From this article, investors should understand what can happen when rates increase from the exit of the FED's QE3 program. However, they should also be aware that markets have already priced in (to an extent) the events that would occur if the reduction/exit of the FED's QE3 program were to occur. Since April 2013 was a great month for mREITs and May 2013 has been an awful month for mREITs (in regards to MBS valuations), June 2013 will become a pivotal month in regards to general interest rate movements and existing MBS prices. Due to the uncertainty within the markets, interest rates and existing MBS prices could go either direction. Investors should understand this and now better understand what will occur when rates move one way or the other in the future.
Full Disclosure on "Long" Position: I have owned AGNC since early 2011. I have gradually increased my position in AGNC when certain pullbacks have occurred. I have also sold minor positions when I felt the stock was highly overpriced. I have taken both cash + reinvested dividends depending on the stock price of AGNC when the quarterly dividends were distributed.
The main focus of this article is what will happen when interest rates rise from the reduction or elimination of the FED's QE3 program.

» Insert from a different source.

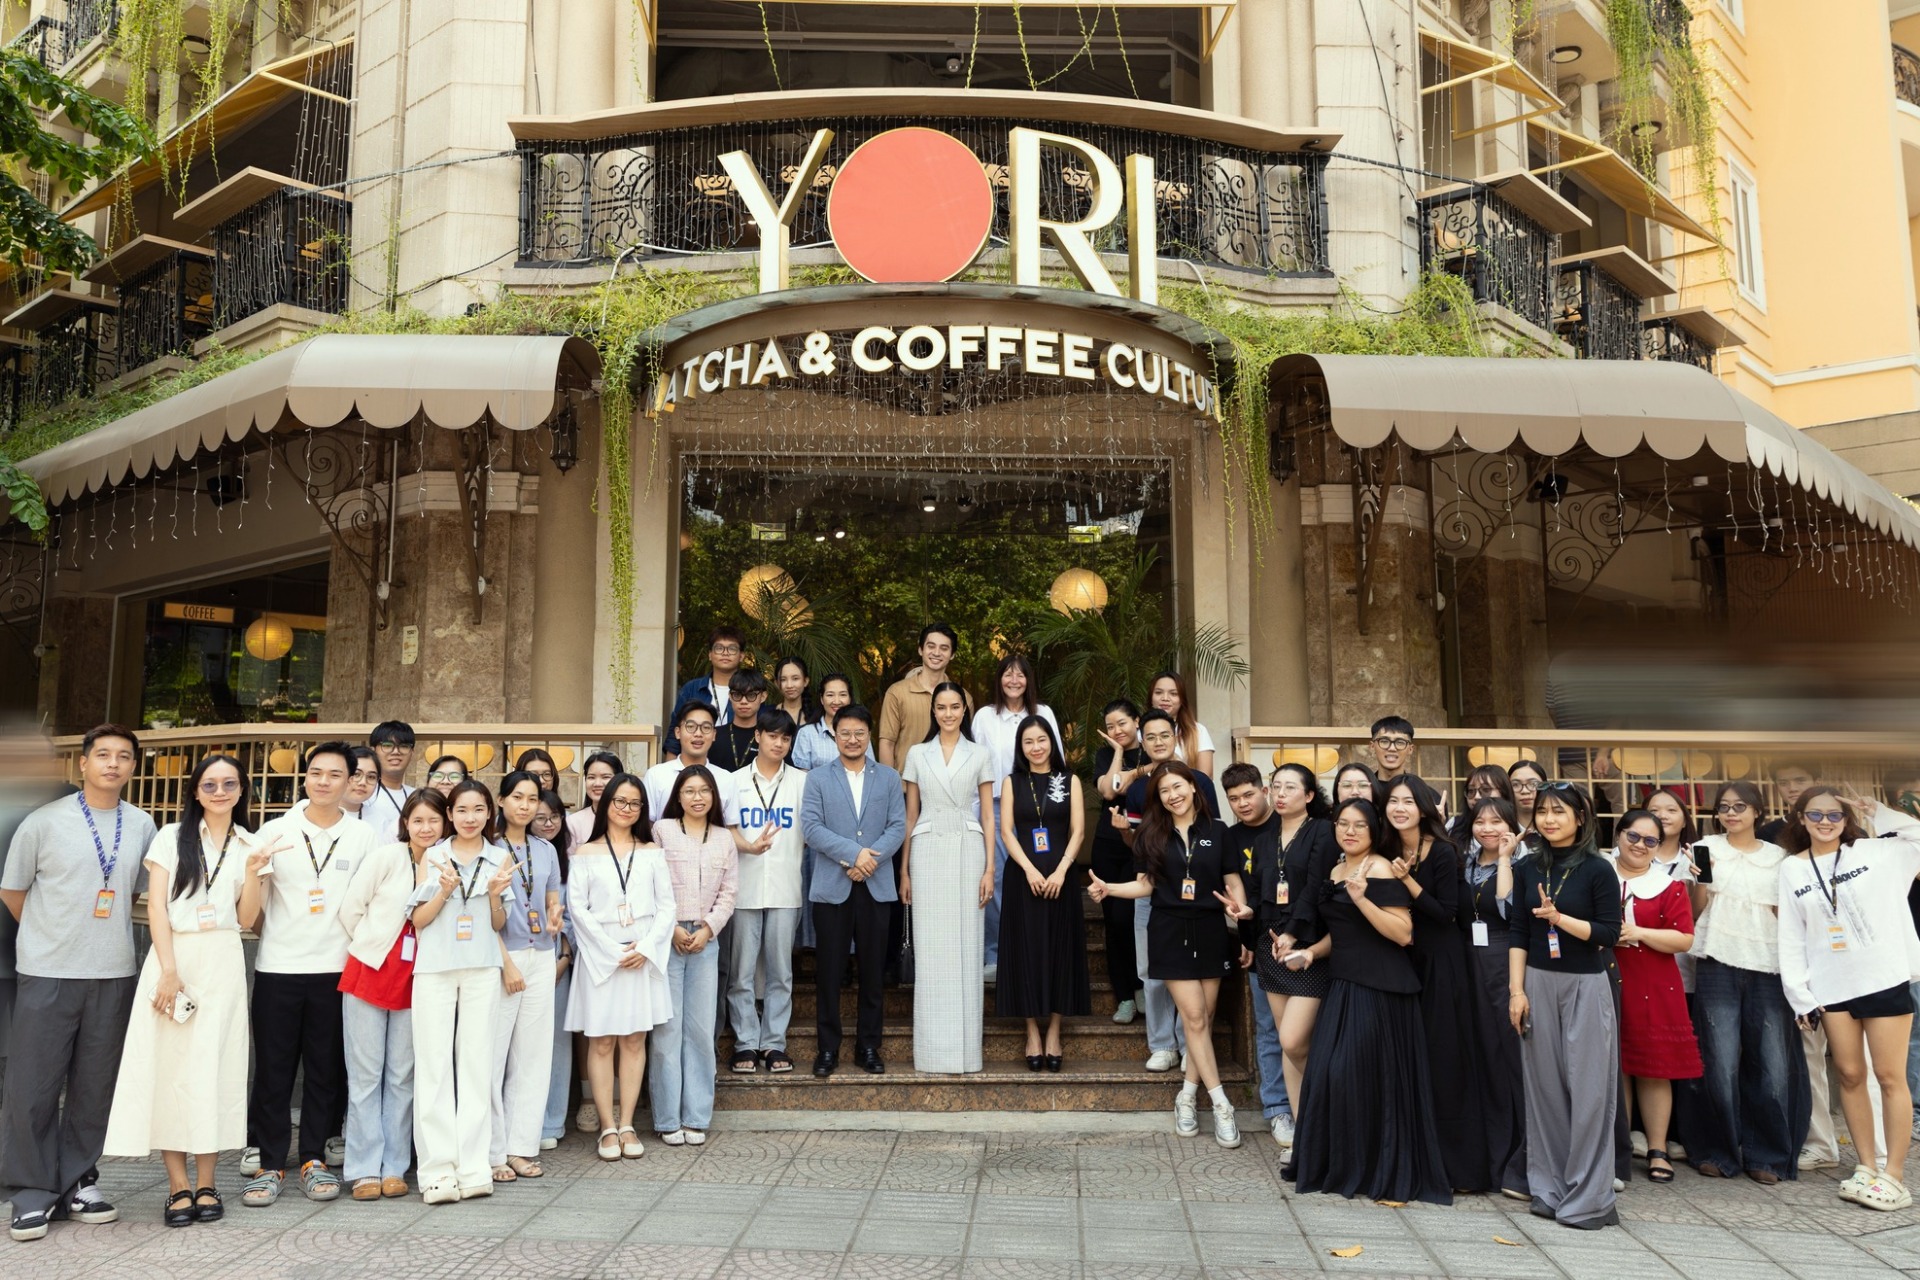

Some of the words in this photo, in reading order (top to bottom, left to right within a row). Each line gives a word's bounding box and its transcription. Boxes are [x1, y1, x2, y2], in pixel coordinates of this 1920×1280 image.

As I have concluded in this article, a rising interest rate environment will cause short-term negative consequences to AGNC/MTGE (which is currently happening). I am "long" AGNC for the longer-term prospects of this specific company. This means I may just "hold" my position during this turbulent timeframe. It also means I may purchase additional shares when I feel the company is undervalued from a stock price vs. book value basis. I am not a high frequency trader, and usually look at the longer-term prospects of a particular company. Even though I believe there's a good chance AGNC will continue reporting several future quarters that are "disappointing" if interest rates continue to rise/existing MBS prices were to decline, I am long AGNC in regards its long term fundamentals and prospects. This would entail a 3-5 year time horizon.

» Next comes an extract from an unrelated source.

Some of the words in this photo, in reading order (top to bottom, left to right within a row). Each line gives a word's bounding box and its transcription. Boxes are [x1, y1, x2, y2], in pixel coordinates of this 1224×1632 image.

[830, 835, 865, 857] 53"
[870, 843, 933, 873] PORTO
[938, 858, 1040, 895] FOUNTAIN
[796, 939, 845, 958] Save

Final Author's Note on AGNC's/MTGE's Dividend Sustainability: Finally, in a previous article I wrote in regards to AGNC (via my "Updated Dividend Sustainability Analysis"), I have stated that AGNC needs to report an "above-average" second quarter of 2013 to ensure the dividend rate of $1.25 per share was safe for future quarters. When that article was written, fixed mortgage interest rates were 30 basis points lower than current rates. Also, existing MBS prices were much higher than current prices indicate. Due to the fixed mortgage interest rate increases and subsequent material existing MBS price declines over the past several weeks, the prospects of an "above-average" quarter have greatly been reduced. As factors change, one's perception should change as well.

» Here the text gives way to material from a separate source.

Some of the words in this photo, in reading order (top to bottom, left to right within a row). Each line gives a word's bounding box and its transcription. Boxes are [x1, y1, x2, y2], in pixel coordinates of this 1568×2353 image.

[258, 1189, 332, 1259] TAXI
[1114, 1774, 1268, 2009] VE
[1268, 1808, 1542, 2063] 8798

Therefore, I am less optimistic in regards to AGNC's dividend being maintained at its current level. Since I believe AGNC will perform an additional equity raise prior to 9/15/2013 (see updated dividend sustainability article for explanation on this specific factor), the likelihood of a dividend cut for the second quarter of 2013 is now raised from low-moderate to moderate-high. Again, these cuts will be short-term in nature. The following are my best and worst case dividend cut scenarios for Q2 2013:
Worst Case Scenario = Q2 2013 dividend of $0.80 per share
Best Case Scenario = Q2 2013 dividend of $1.10 per share
I have yet to write an article on MTGE, however, by looking over MTGE's data, I believe there's a high probability its dividend will be cut in the second quarter of 2013. This is based on overall market conditions, MTGE's cumulative undistributed taxable income ('UTI') amount, and MTGE's quarterly projected estimated REIT taxable income amounts.